• [EXERCISE GOAL]:
Write out the data word for word and omit every picture.

• [DATA LISTING]:

▽

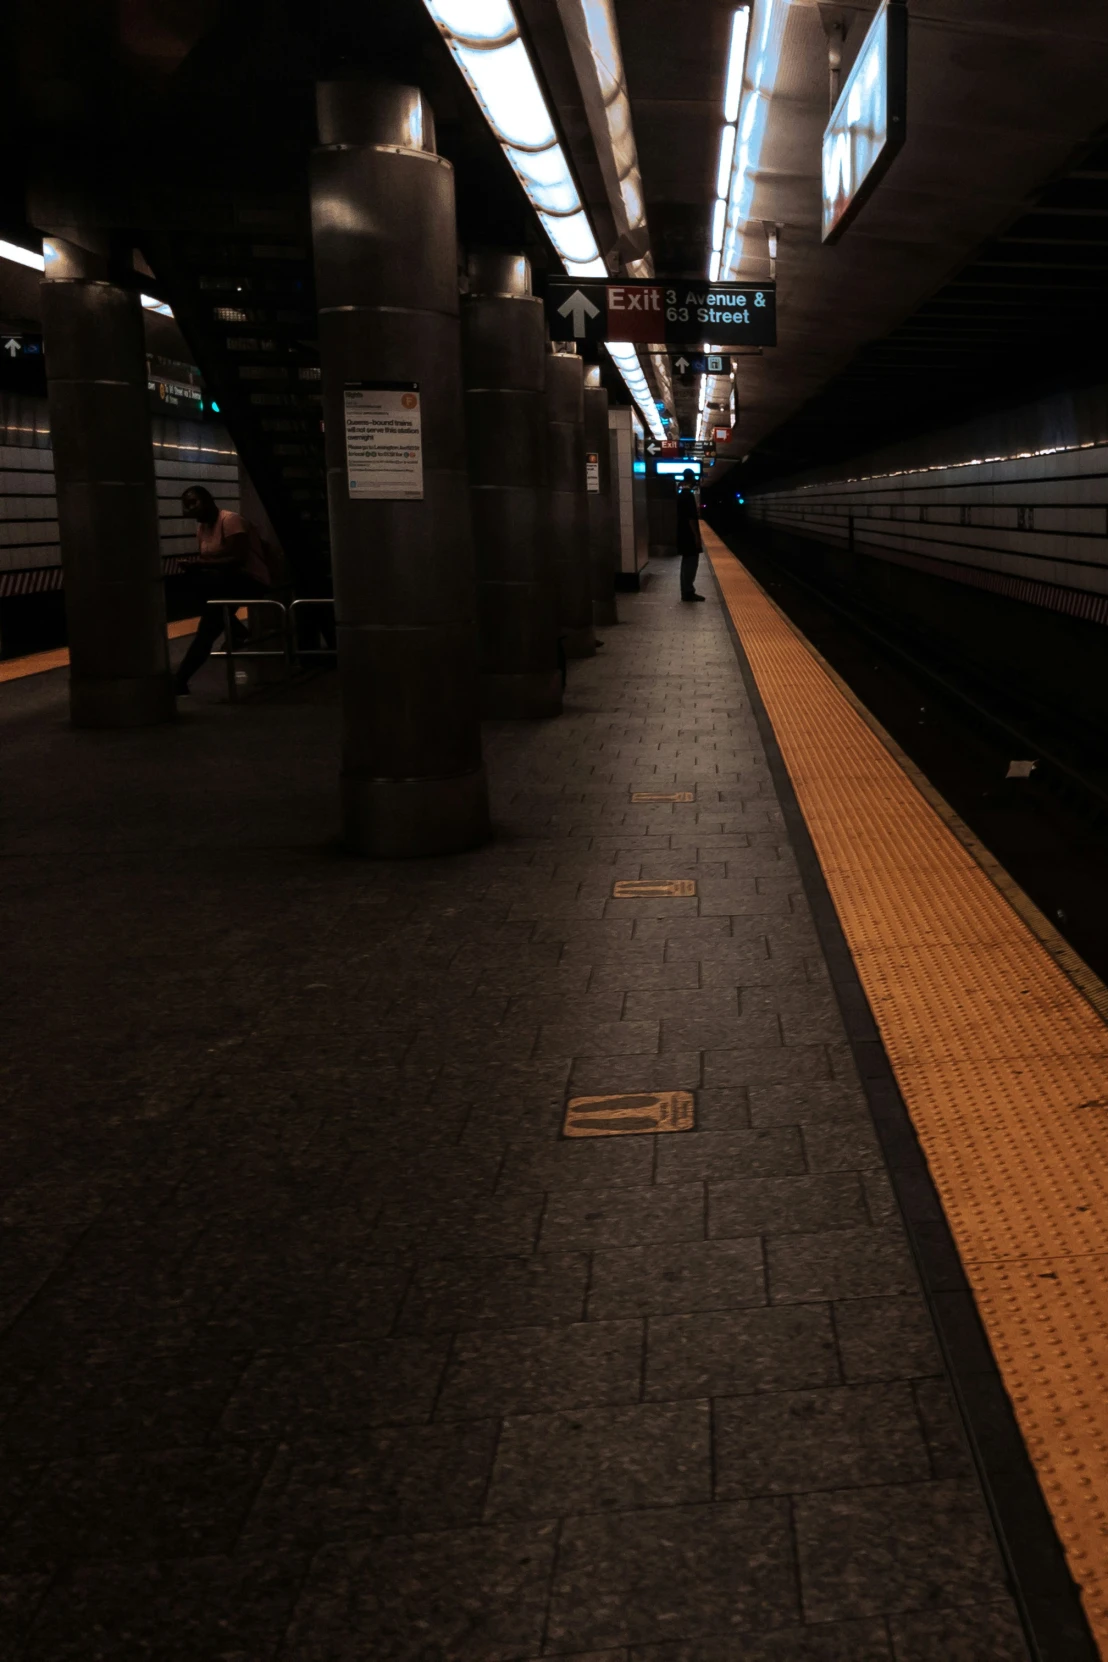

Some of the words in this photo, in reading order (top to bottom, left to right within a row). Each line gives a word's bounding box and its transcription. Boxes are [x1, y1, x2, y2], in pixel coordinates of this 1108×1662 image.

[608, 288, 660, 311] Exit
[665, 290, 677, 304] 3
[685, 291, 747, 307] Avenue
[753, 291, 766, 308] &
[666, 307, 690, 322] 63
[697, 308, 750, 324] Street
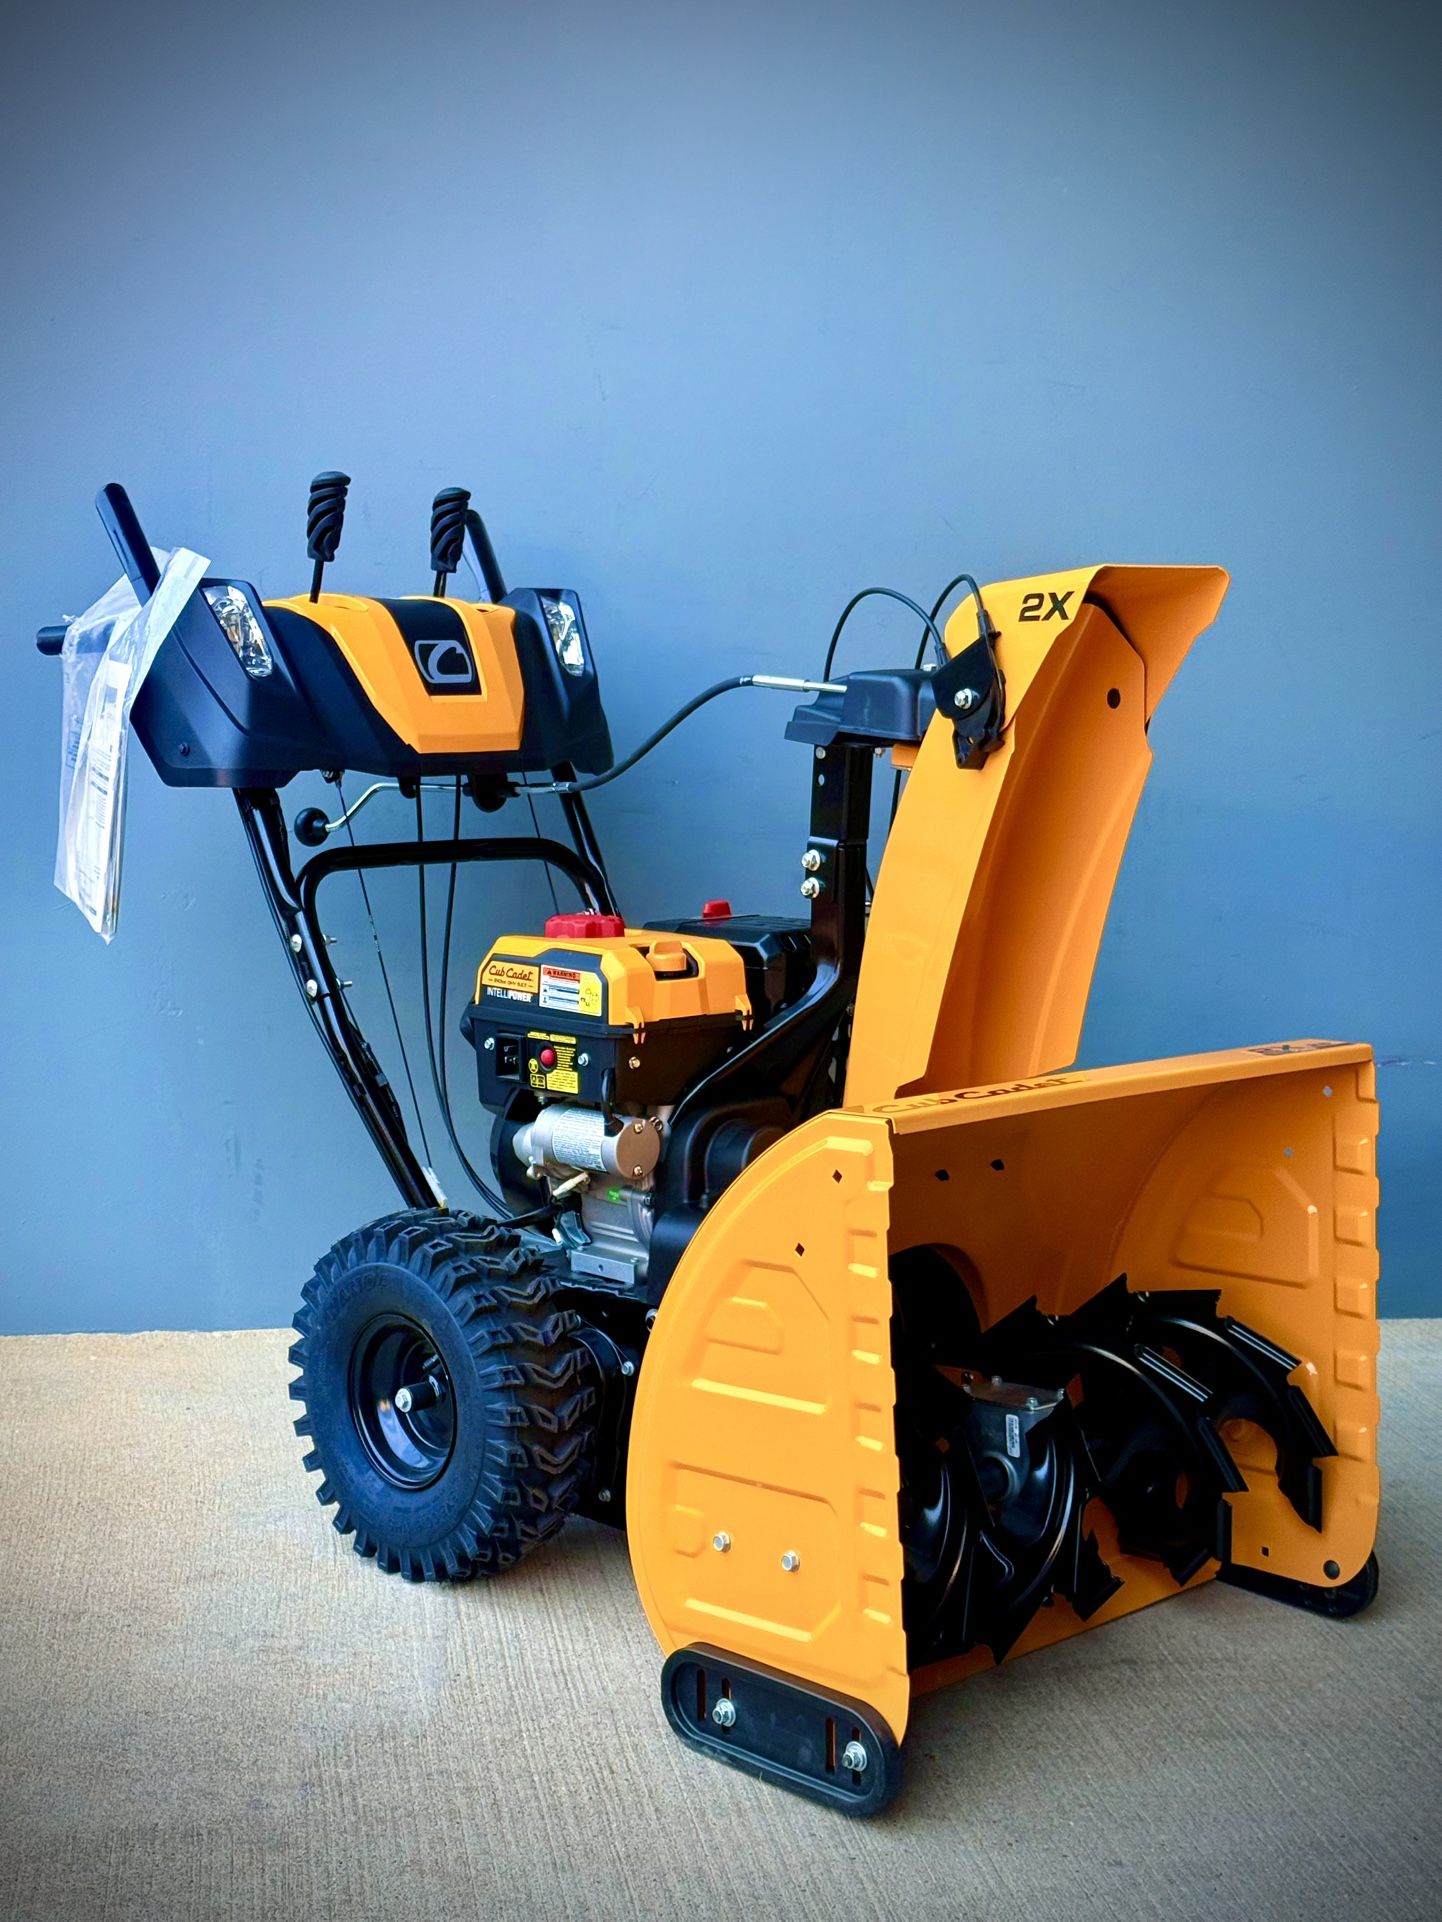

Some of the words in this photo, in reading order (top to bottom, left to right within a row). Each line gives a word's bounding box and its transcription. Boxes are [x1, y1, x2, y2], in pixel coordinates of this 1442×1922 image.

△

• [REPLY TO THE EXERCISE]:
Some of the words in this photo, in reading order (top to bottom, left to right within a row). Each line gives a word's bounding box and its transcription. Boxes are [x1, y1, x2, y2], in pixel coordinates of this 1108×1662 image.

[608, 288, 660, 311] Exit
[665, 290, 677, 304] 3
[685, 291, 747, 307] Avenue
[753, 291, 766, 308] &
[666, 307, 690, 322] 63
[697, 308, 750, 324] Street

Some of the words in this photo, in reading order (top to bottom, left to right within a row). Each line gives a word's bounding box and its transcription. Boxes are [x1, y1, x2, y2], in pixel coordinates of this 1442×1922 image.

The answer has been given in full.